◆夫はなぜ妻の昇進に嫉妬するのか
一般に嫉妬は仲間の中から、誰かが突出したときよりも、下から自分の地位に接近したり、並んできたりしたときのほうが強くなるようだ。誰かが突出したときは、もはや仲間ではなくなるので残された自分たちには直接影響がない。あまり良くないことだが、仲良しグループに入れないというケースもある。
ところが自分の地位に接近してきたり、並んできたりしたときは、そうはいかない。それまでのように相手に対して優越感を味わったり、上から目線で接したりできなくなるし、周囲から見た自分の存在感も薄れてしまう。
しかもやっかいなことに、本来は助け合い、喜び合う立場の人から妬まれやすい。関係が近いほど、そして長く続くほど嫉妬は強くなるからだ。
特に夫婦は人間的な関係で結ばれており、生涯にわたって一緒に過ごす仲である。夫にとってはこれまで維持してきた家庭内の優越的な地位や、相手からの尊敬を失いたくないわけである。
◆妻の活躍を妨害した大学教授
かつて、こんな話も聞いた。私の知り合いに、学界の重鎮である50代の大学教授がいた。専業主婦の妻は慎ましい人で、内助の功に徹しているふるまいかただった。その妻に対して夫はいつも、「君も社会に出てみなさい」と励ましていたそうだ。子育てが終わったころ、妻は夫に背中を押されながら、はじめて地域のボランティア活動に参加した。
慣れないボランティア活動を懸命にこなす妻に教授はアドバイスを送り、外でもそれとなく自慢していた。労をいとわず誠実な態度で活動する彼女は、次第に周囲の信頼を集め、やがてリーダー的な存在になっていった。その活動が評価され、審議会の委員にも選ばれるなど、地域では夫と肩を並べるほどの存在になった。

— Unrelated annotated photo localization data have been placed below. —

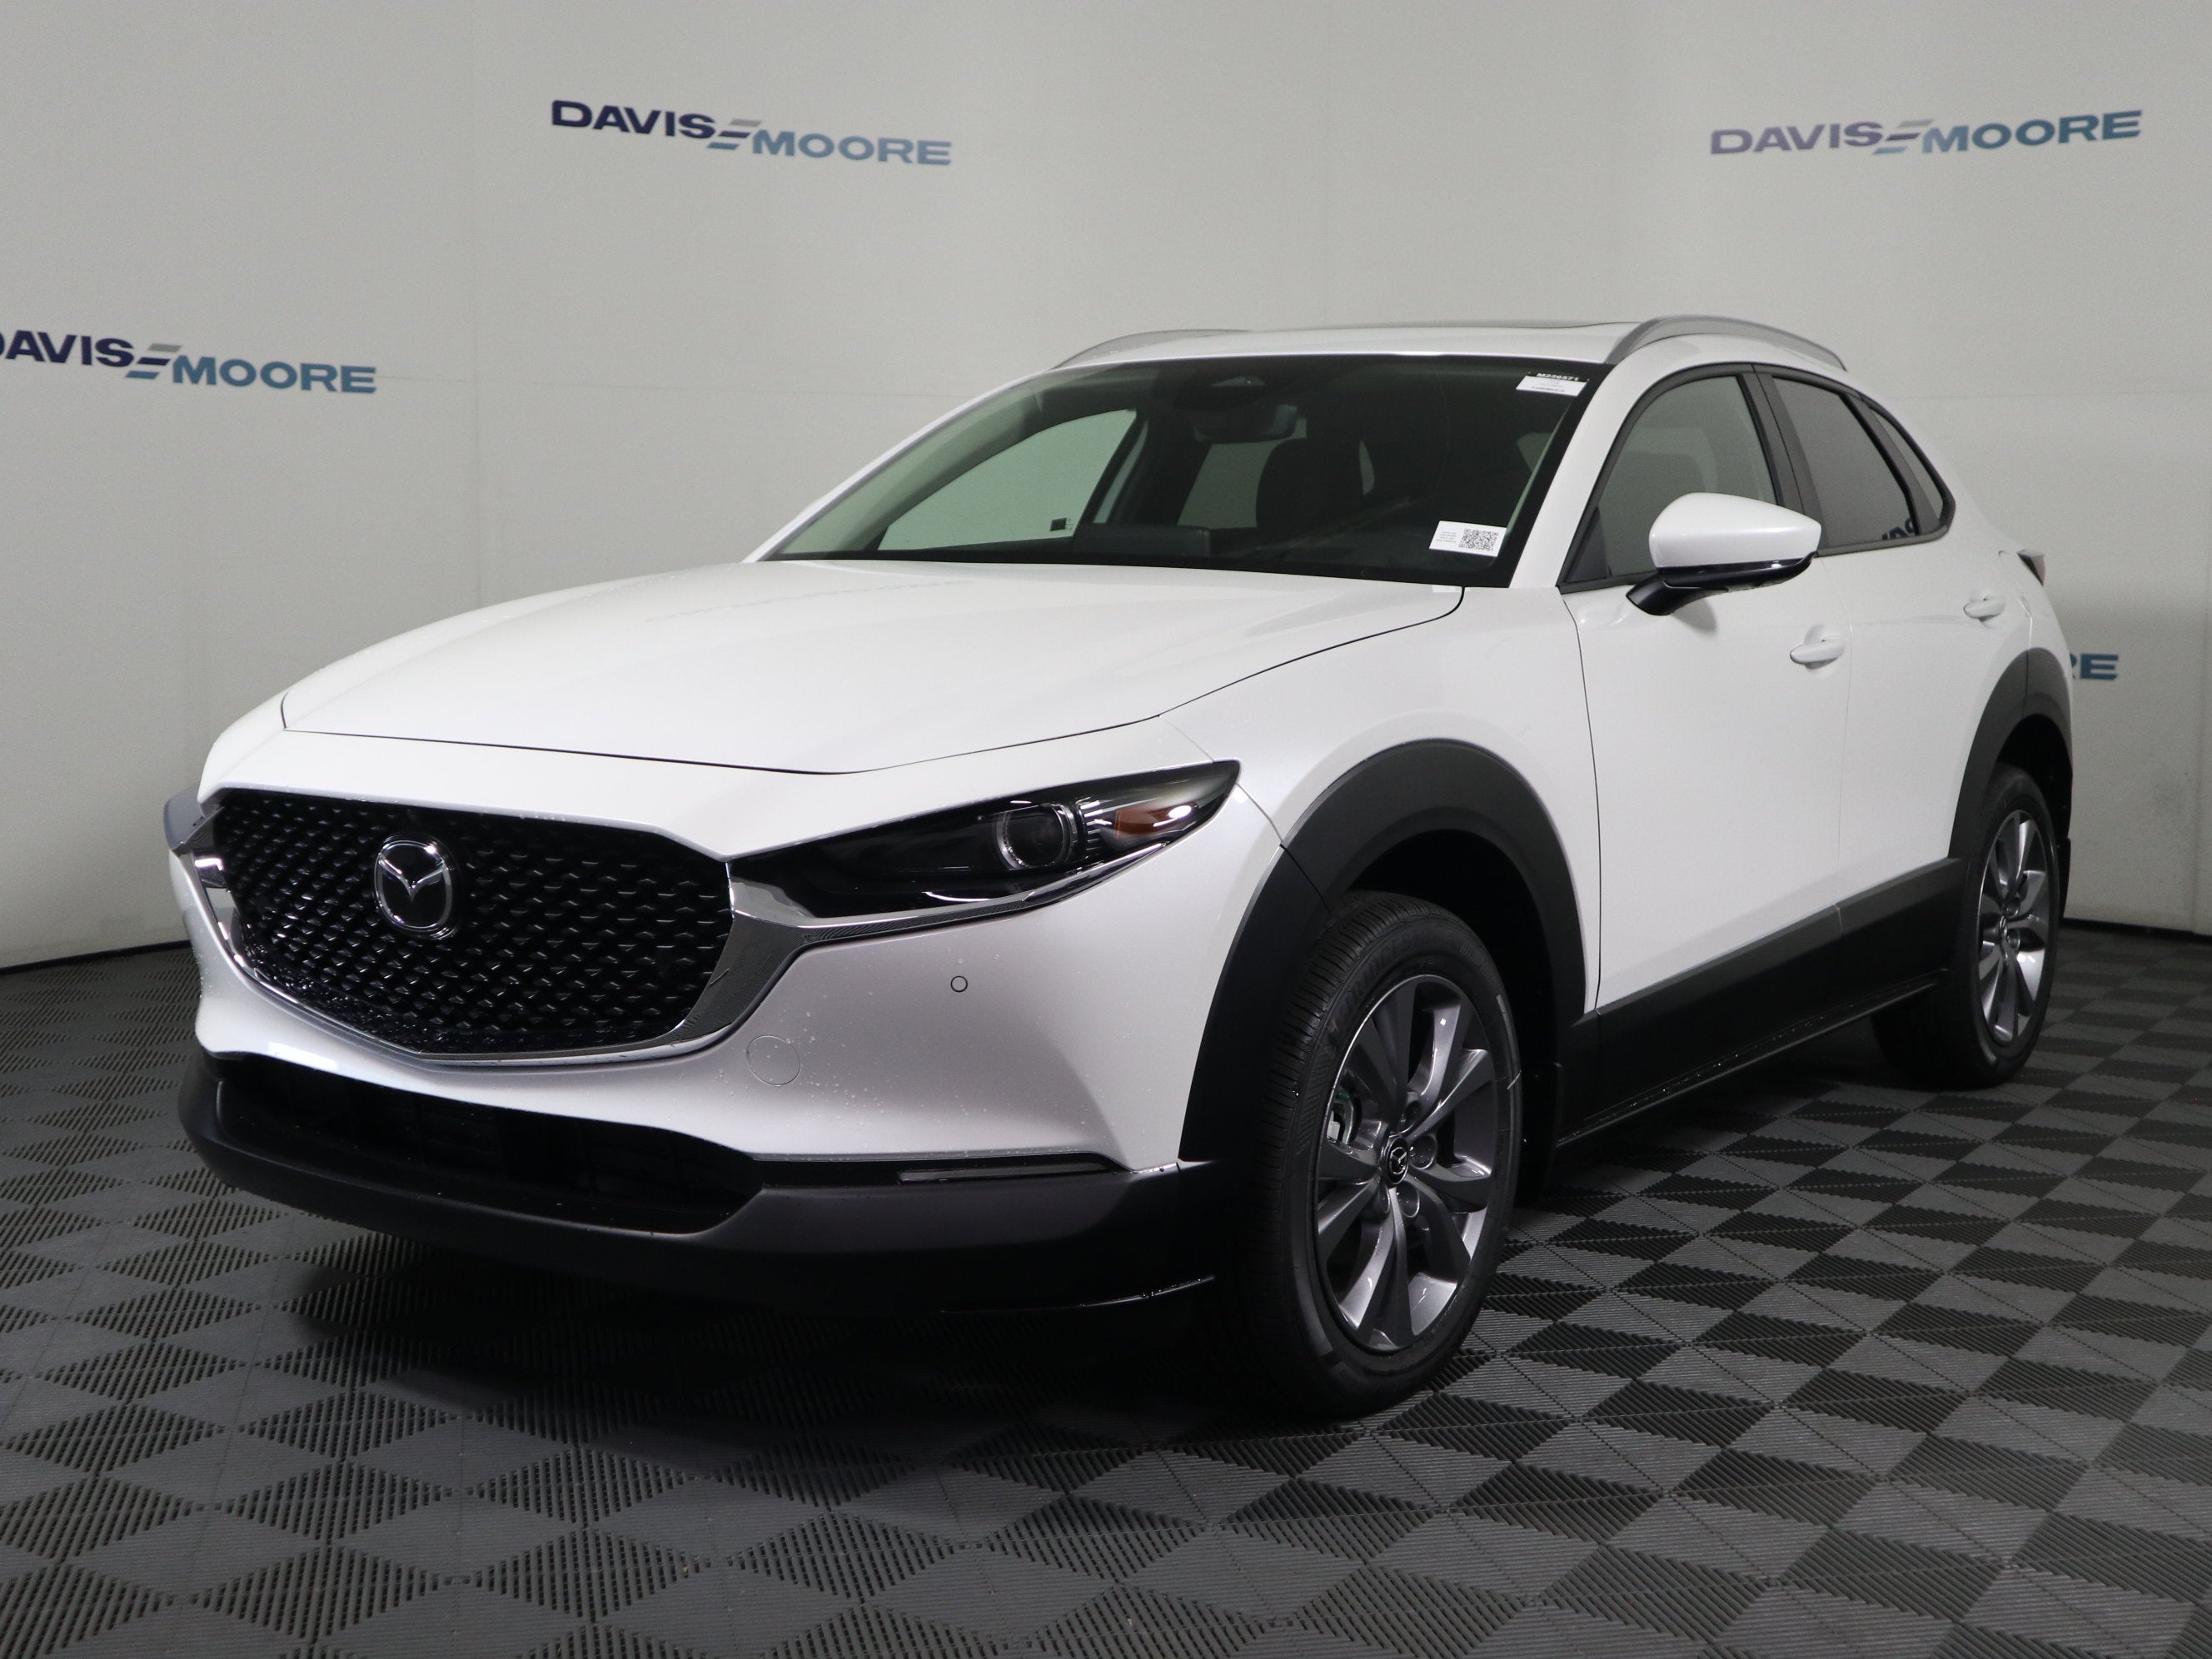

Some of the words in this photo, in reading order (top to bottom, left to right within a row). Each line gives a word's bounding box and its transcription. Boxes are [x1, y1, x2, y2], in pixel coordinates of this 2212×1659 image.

[551, 98, 717, 141] DAVIS
[752, 129, 952, 166] MOORE
[1711, 121, 1884, 155] DAVIS
[1923, 109, 2143, 154] MOORE
[0, 329, 135, 368] AVIS
[172, 354, 377, 395] MOORE
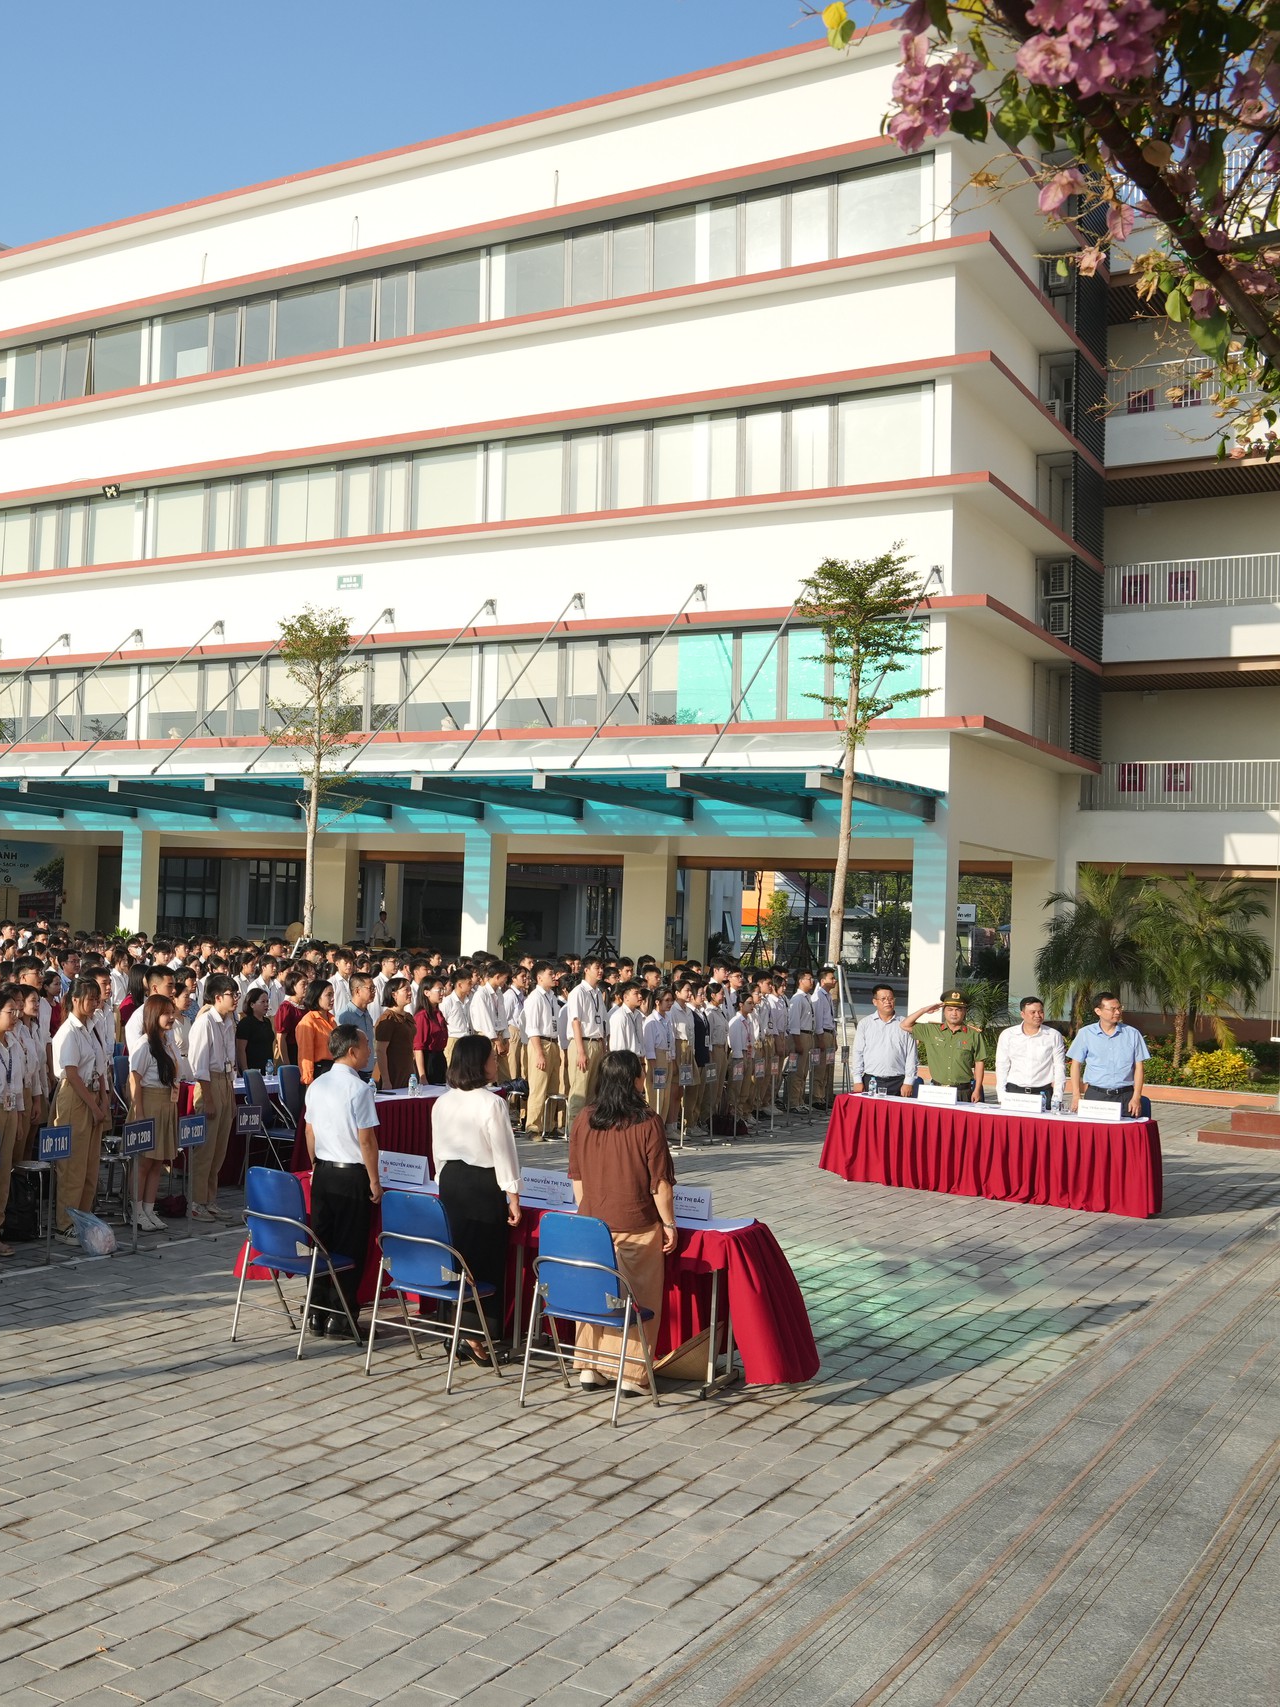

すると、夫の妻に対する接し方が変化した。「ずいぶんエラくなったな」とか、「女性は人材難だから……」などと嫌みを口にしたり、家庭内では事あるごとに怒り出したりする。そしてついに、「家事に支障がでるから」という理由で妻を委員にすえないよう、関係者に働きかけるような愚行まで犯してしまったのである。